■ **Your task**:
Repeat the data below in full. Pictures must not be part of the copy.
== Data excerpts ==
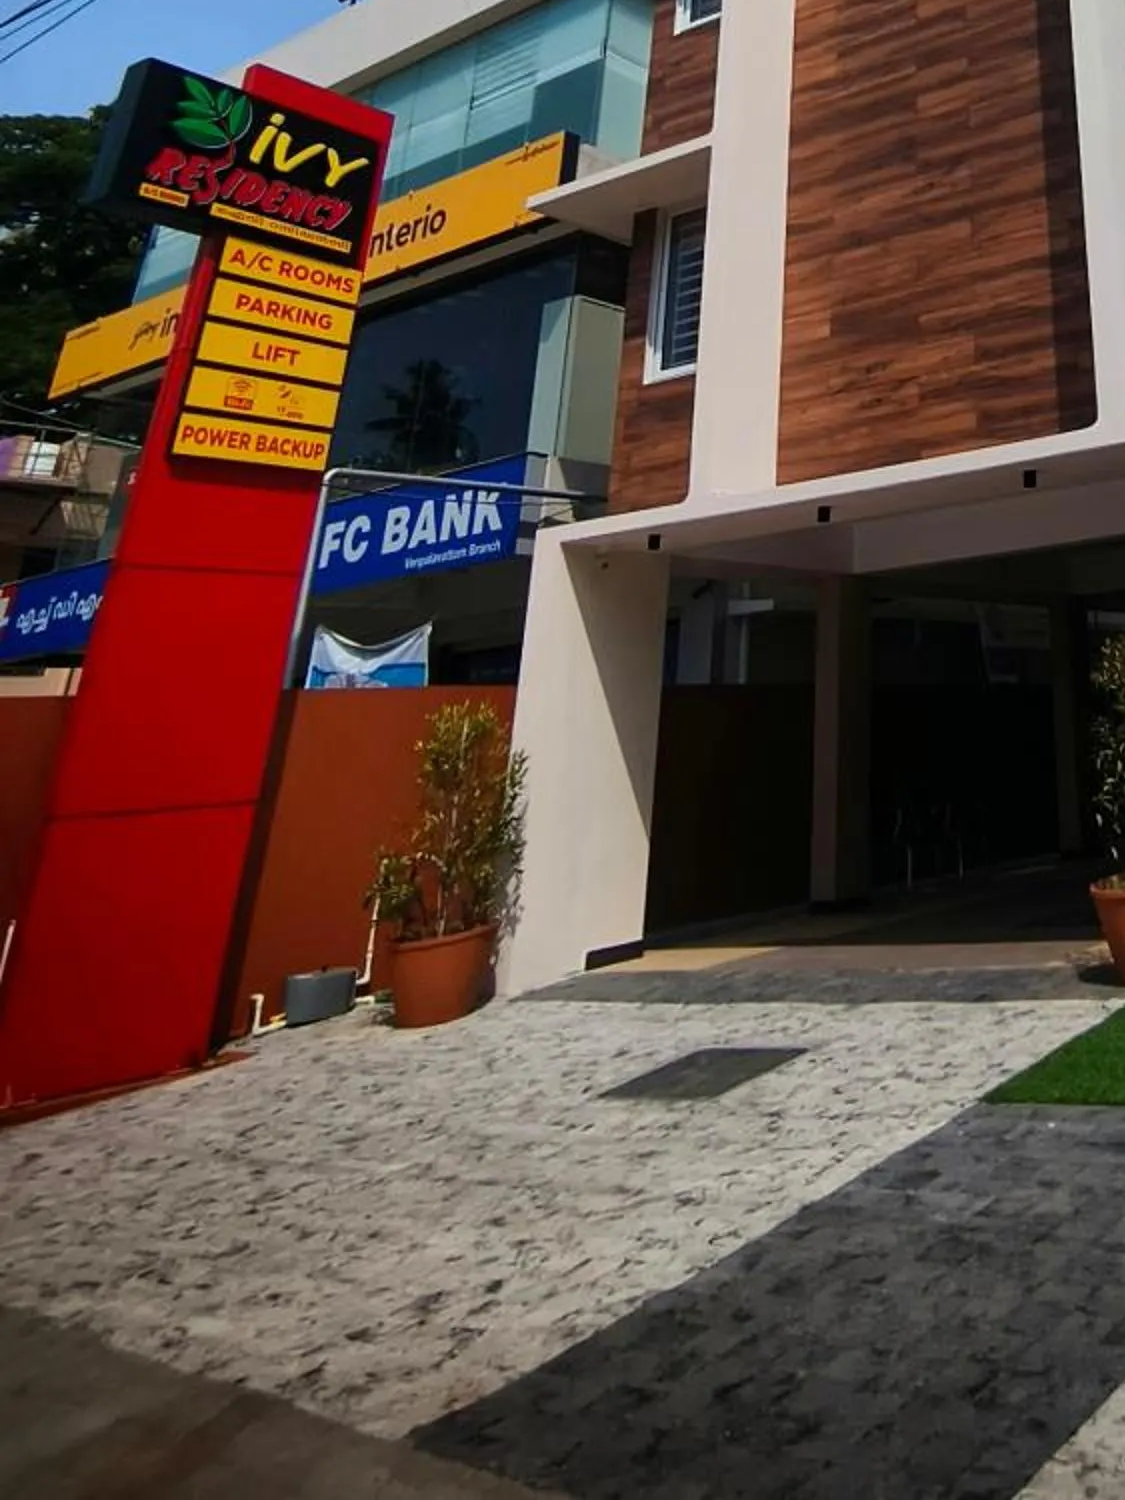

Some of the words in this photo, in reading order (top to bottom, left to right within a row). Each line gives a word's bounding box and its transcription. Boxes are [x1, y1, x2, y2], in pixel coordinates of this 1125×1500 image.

[145, 146, 353, 231] RESIDENCY
[229, 247, 275, 273] A/C
[278, 260, 355, 294] ROOMS
[234, 293, 334, 331] PARKING
[251, 341, 301, 367] LIFT
[180, 425, 252, 451] POWER
[255, 433, 326, 461] BACKUP
[380, 489, 503, 556] BANK
===
■ **Answer for this exercise**:
Some of the words in this photo, in reading order (top to bottom, left to right within a row). Each line gives a word's bounding box and its transcription. Boxes are [x1, y1, x2, y2], in pixel coordinates of this 1125×1500 image.

[145, 146, 353, 231] RESIDENCY
[229, 247, 275, 273] A/C
[278, 260, 355, 294] ROOMS
[234, 293, 334, 331] PARKING
[251, 341, 301, 367] LIFT
[180, 425, 252, 451] POWER
[255, 433, 326, 461] BACKUP
[380, 489, 503, 556] BANK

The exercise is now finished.